→ Exercise brief: Repeat the data below in full. Pictures must not be part of the copy.

→ Given records:
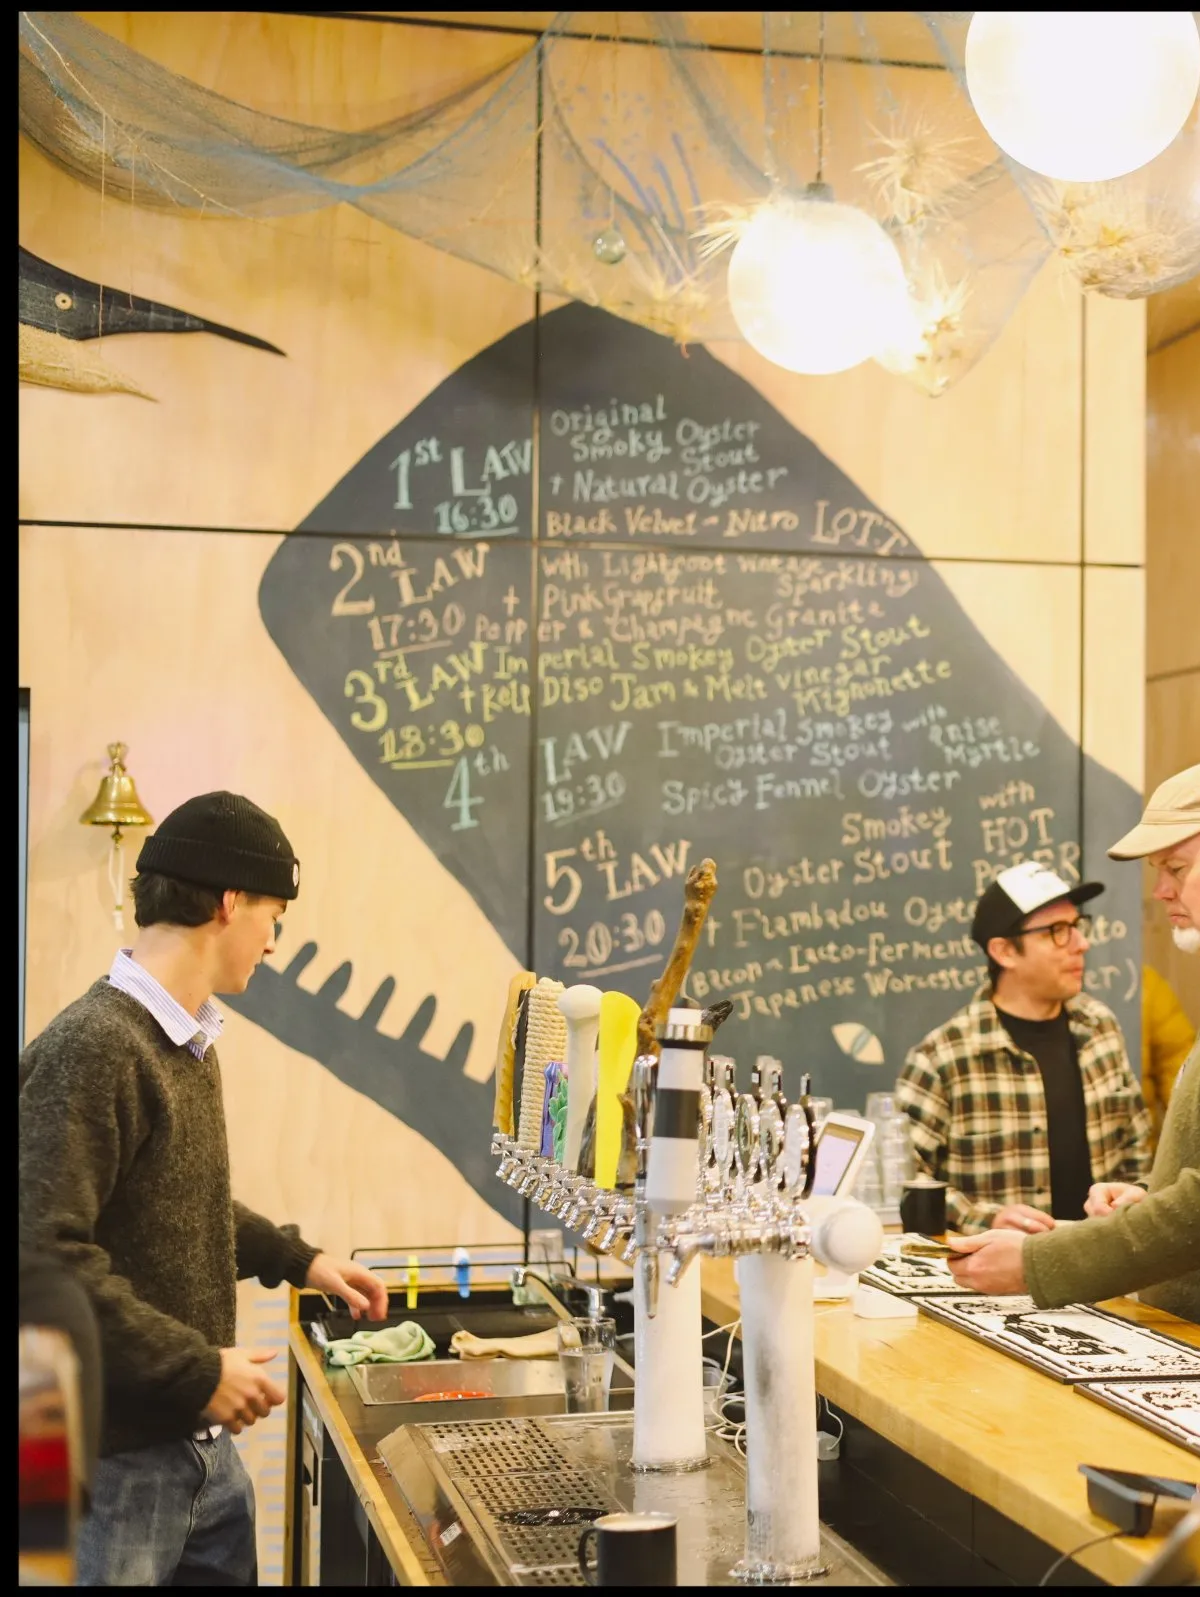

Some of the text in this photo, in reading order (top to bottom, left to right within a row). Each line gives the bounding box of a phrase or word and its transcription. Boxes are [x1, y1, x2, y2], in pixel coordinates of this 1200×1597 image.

[550, 393, 667, 444] Original
[570, 417, 760, 463] Smoky Oyster
[450, 438, 532, 497] LAW
[681, 443, 759, 477] Stout
[573, 469, 679, 501] Natural
[687, 467, 788, 507] Oyster
[434, 494, 518, 534] 16:30
[547, 509, 617, 537] Black
[391, 542, 490, 607] LAW
[542, 583, 604, 619] Pink
[367, 602, 466, 650] 17:30
[631, 641, 735, 673] Smokey
[745, 628, 831, 673] Oyster
[839, 613, 931, 659] Stout
[395, 641, 489, 712] LAW
[609, 673, 676, 711] Jam
[378, 720, 485, 764] 18:30
[657, 707, 788, 758] Imperial
[795, 708, 893, 747] Smokey
[810, 735, 892, 767] Stout
[443, 720, 634, 832] 4th LAW
[542, 769, 627, 822] 19:30
[661, 766, 962, 815] Spicy Fennel Oyster
[978, 779, 1036, 811] with
[841, 805, 1055, 857] Smokey HOT
[543, 829, 692, 916] 5th LAW
[743, 857, 845, 899] Oyster
[852, 838, 953, 885] Stout
[558, 908, 666, 968] 20:30
[903, 896, 978, 933] Oyst
[729, 977, 855, 1020] Japanese

→ Reply:
Some of the text in this photo, in reading order (top to bottom, left to right within a row). Each line gives the bounding box of a phrase or word and its transcription. Boxes are [x1, y1, x2, y2], in pixel coordinates of this 1200×1597 image.

[550, 393, 667, 444] Original
[570, 417, 760, 463] Smoky Oyster
[450, 438, 532, 497] LAW
[681, 443, 759, 477] Stout
[573, 469, 679, 501] Natural
[687, 467, 788, 507] Oyster
[434, 494, 518, 534] 16:30
[547, 509, 617, 537] Black
[391, 542, 490, 607] LAW
[542, 583, 604, 619] Pink
[367, 602, 466, 650] 17:30
[631, 641, 735, 673] Smokey
[745, 628, 831, 673] Oyster
[839, 613, 931, 659] Stout
[395, 641, 489, 712] LAW
[609, 673, 676, 711] Jam
[378, 720, 485, 764] 18:30
[657, 707, 788, 758] Imperial
[795, 708, 893, 747] Smokey
[810, 735, 892, 767] Stout
[443, 720, 634, 832] 4th LAW
[542, 769, 627, 822] 19:30
[661, 766, 962, 815] Spicy Fennel Oyster
[978, 779, 1036, 811] with
[841, 805, 1055, 857] Smokey HOT
[543, 829, 692, 916] 5th LAW
[743, 857, 845, 899] Oyster
[852, 838, 953, 885] Stout
[558, 908, 666, 968] 20:30
[903, 896, 978, 933] Oyst
[729, 977, 855, 1020] Japanese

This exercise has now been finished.